Le Festival d’automne et la MC93 accompagnent la rencontre artistique entre l’immense comédienne Valérie Dréville et le chorégraphe Jérôme Bel. Celle-ci donne lieu à une proposition assez maigre, plus ou moins improvisée et inspirée, ne suscitant qu’un intérêt poli pour l’engagement total de son interprète.

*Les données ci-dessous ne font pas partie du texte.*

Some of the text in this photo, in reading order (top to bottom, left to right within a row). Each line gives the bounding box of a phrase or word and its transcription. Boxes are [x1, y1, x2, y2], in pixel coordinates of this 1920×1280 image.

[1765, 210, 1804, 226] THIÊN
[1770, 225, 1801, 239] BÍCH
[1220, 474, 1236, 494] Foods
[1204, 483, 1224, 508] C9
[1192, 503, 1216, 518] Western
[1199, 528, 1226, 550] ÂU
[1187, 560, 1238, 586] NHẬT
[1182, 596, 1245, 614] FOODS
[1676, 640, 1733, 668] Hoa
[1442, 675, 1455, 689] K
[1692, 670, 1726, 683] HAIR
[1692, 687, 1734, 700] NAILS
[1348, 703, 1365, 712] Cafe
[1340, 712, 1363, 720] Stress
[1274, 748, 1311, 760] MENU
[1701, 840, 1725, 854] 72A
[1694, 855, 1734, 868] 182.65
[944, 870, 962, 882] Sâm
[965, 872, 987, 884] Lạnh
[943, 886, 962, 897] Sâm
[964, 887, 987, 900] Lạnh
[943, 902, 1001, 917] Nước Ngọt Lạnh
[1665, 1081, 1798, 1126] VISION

S’il y a bien dans le paysage théâtral français une comédienne aventureuse qui aime le risque et l’inconfort, c’est Valérie Dréville ; elle l’a d’ailleurs plus d’une fois prouvé aux côtés de géants de la mise en scène comme Anatoli Vassiliev ou Luc Bondy, Claude Régy ou plus récemment Sylvain Creuzevault. Sous leur direction, repoussée dans ses derniers retranchements, la bouleversante tragédienne s’est illustrée dans un théâtre de l’extrême, suivant une voie interprétative totalement libérée de la psychologie et privilégiant le dépassement de soi, elle s’est offerte dans une nudité aussi bien physique que métaphorique pour ainsi dire.

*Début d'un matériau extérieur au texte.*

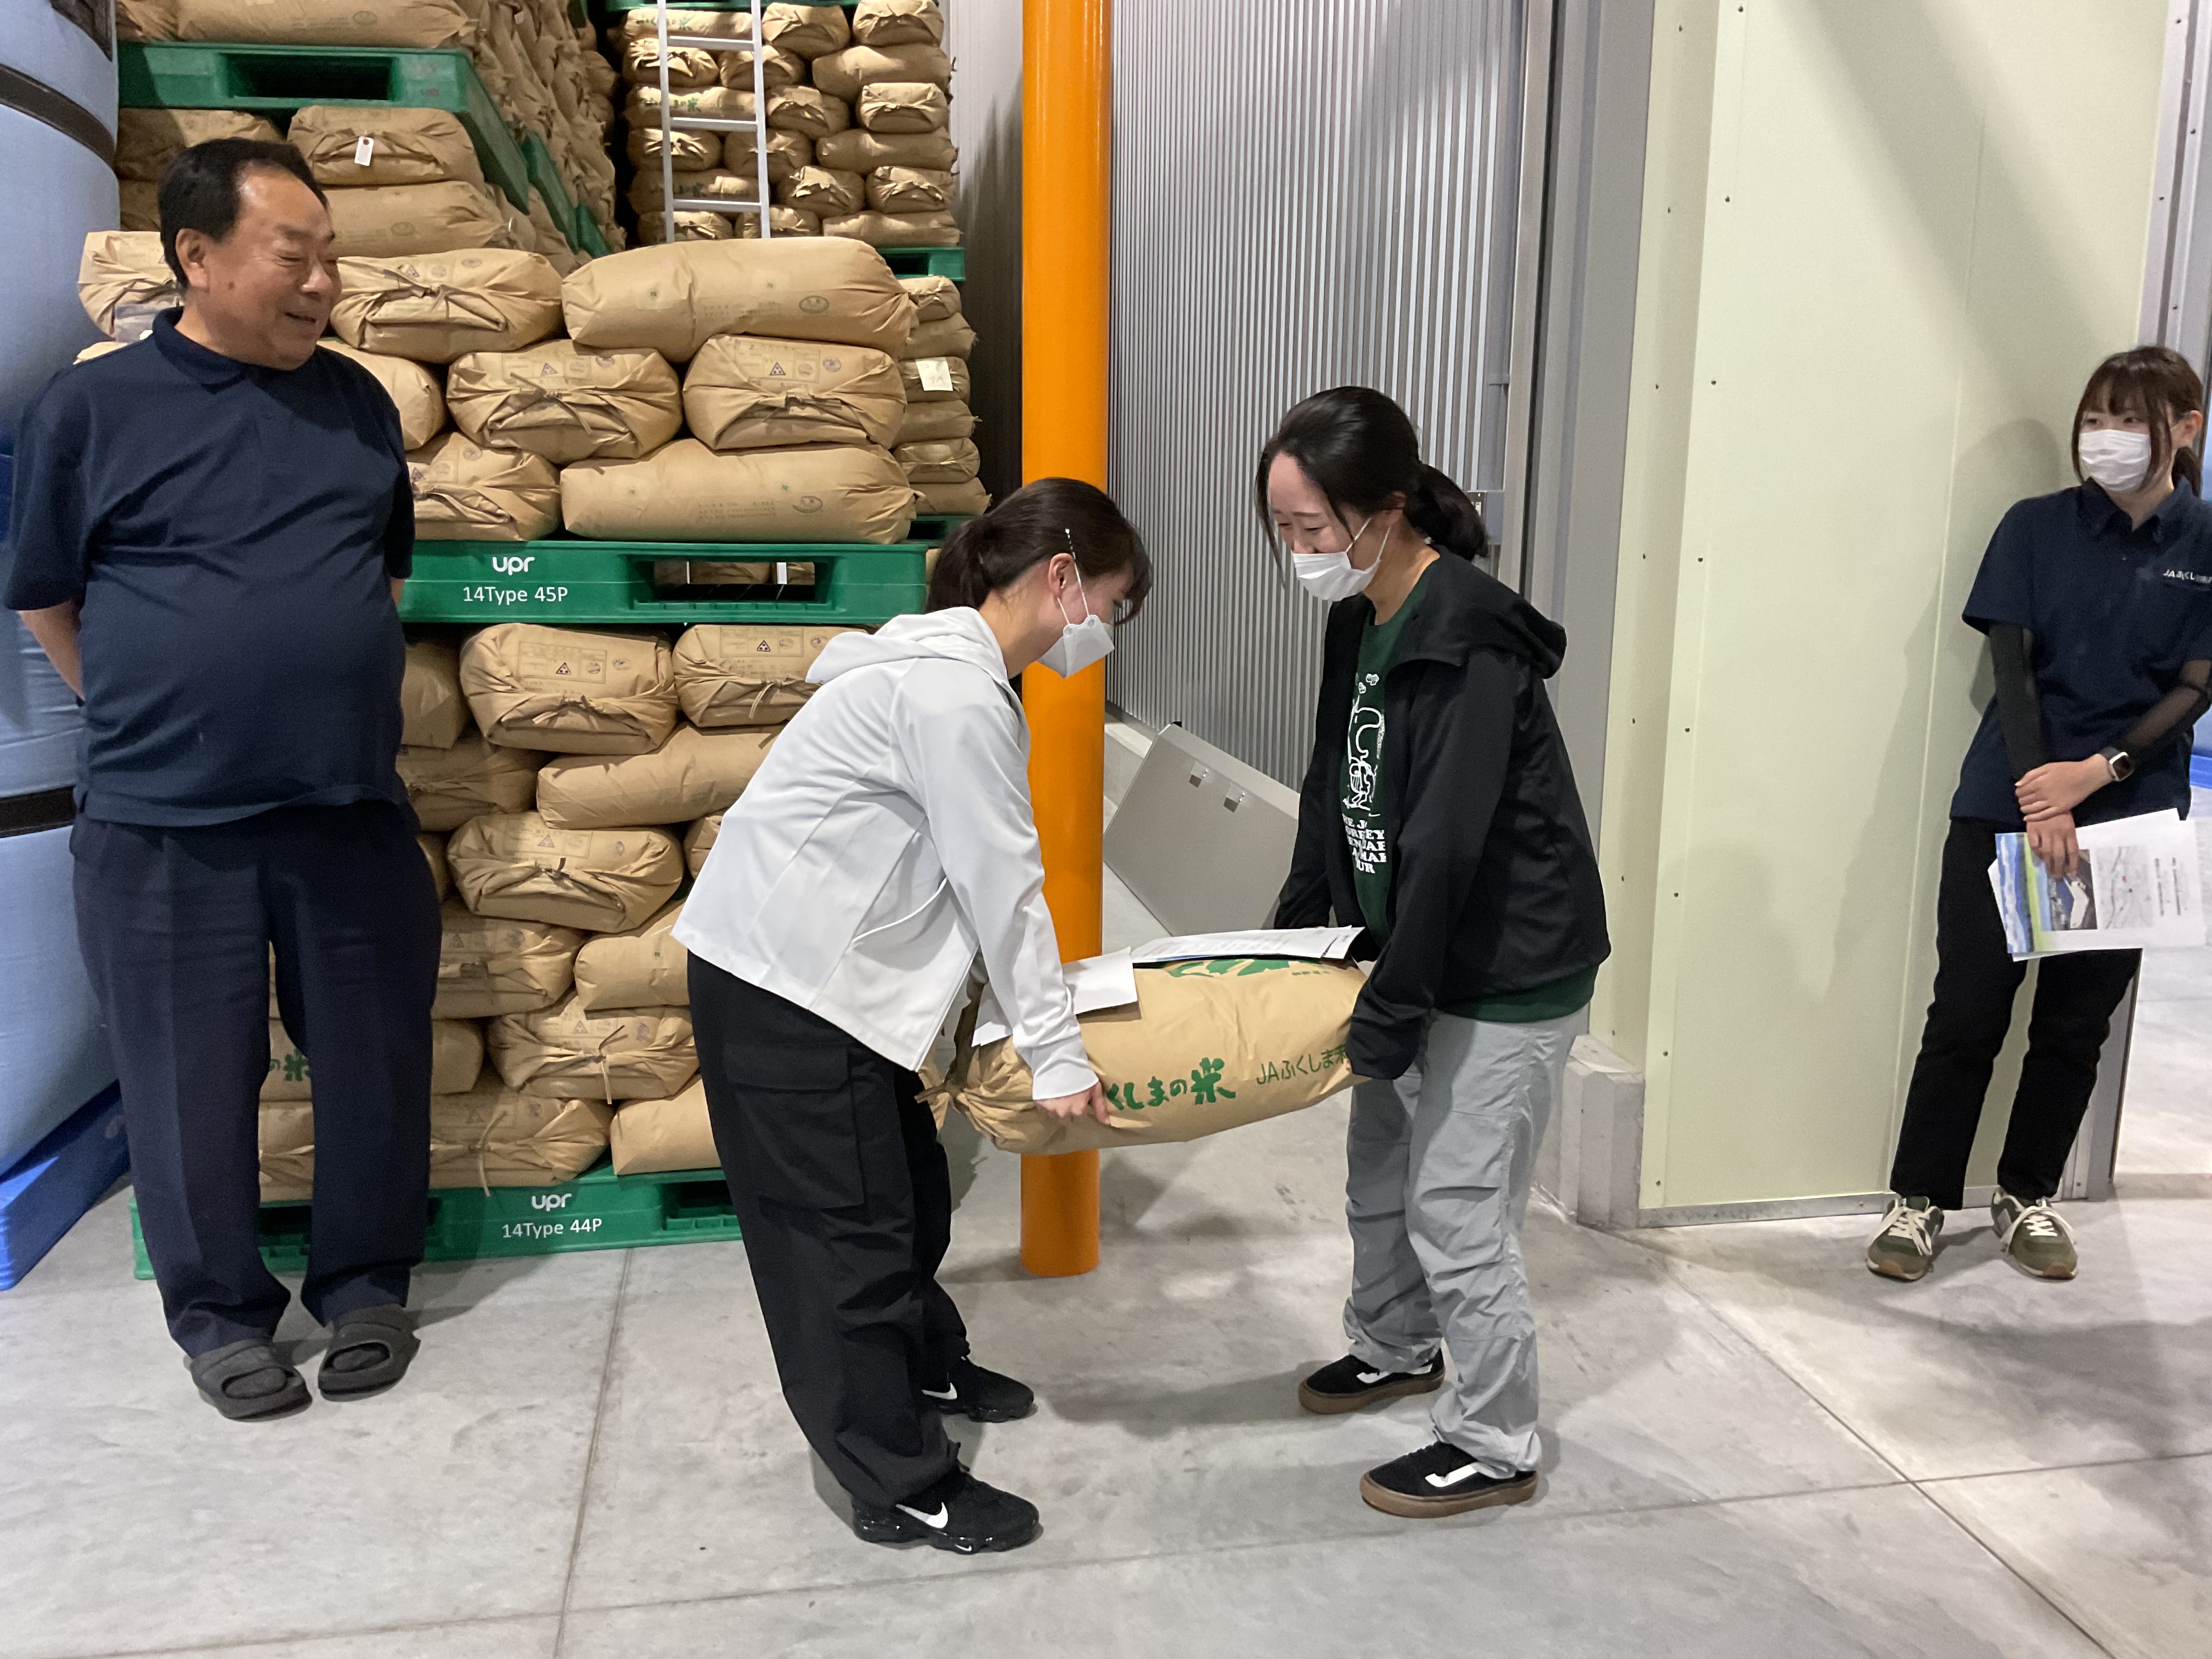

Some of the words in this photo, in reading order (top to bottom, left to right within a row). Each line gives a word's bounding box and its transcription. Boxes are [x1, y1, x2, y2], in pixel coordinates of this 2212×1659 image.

[492, 556, 535, 575] upr
[463, 586, 528, 606] 14Type
[534, 586, 568, 602] 45P
[532, 1193, 572, 1212] upr
[501, 1222, 564, 1239] 14Type
[569, 1218, 602, 1233] 44P

Qu’allait proposer Jérôme Bel à l’actrice avec qui il travaille pour la première fois et, qui plus est, autour d’une discipline qui n’est pas primordialement la sienne ? L’artiste a aussi souvent fait preuve d’une belle radicalité, surtout autrefois car celle-ci semble s’être un peu émoussée dans ses derniers spectacles, un peu avares en créativité. Celui-ci revient à une forme qu’il maîtrise bien : le portrait.
Depuis plus de 10 ans, Jérôme Bel signe des spectacles au cours desquels des interprètes comme Véronique Doisneau, de l’Opéra national de Paris, le Thaïlandais Pichet Klunchun, puis Lutz Förster, danseur de la compagnie Pina Bausch, et Cédric Andrieux, se sont prêtés au jeu malicieux et intimiste de livrer une part d’eux-mêmes tandis que le chorégraphe prend un malin plaisir à quitter le rôle trop autoritaire du créateur pour laisser s’épancher l’interprète à partir duquel il travaille dans une veine quasi documentaire.
Valérie Dréville commence par lister simplement quelques dates et mots qui convoquent son passé de petite fille appliquée, mais peut-être pas follement épanouie, inscrite dans un cours de danse de Pontoise. Elle s’applique à enchaîner quelques pas, forcément académiques. Puis, elle passe à une improvisation chronométrée de danse moderne, libérant le corps, déployant des mouvements plus abstraits, intuitifs, instinctifs.
Valérie Dréville ne se regarde pas faire. Humble et généreuse, elle danse le moment présent, vit l’expérience qui se poursuivra avec la restitution de quelques solos du répertoire. Un Prélude d’Isadora Duncan recyclé par Bel à partir de son dernier spectacle, une sorte de conférence biographique un peu besogneuse et pédagogiquement limitée où l’on voyait déjà le court passage accompagné de son lexique poético-explicatif. Suivent, entre autres, une improvisation fortement intériorisée à partir de Café Müller de Pina Bausch et enfin un hommage à Kazuo Ono, maître de l’obscur et de la lenteur, magicien faisant disparaître et réapparaître l’être.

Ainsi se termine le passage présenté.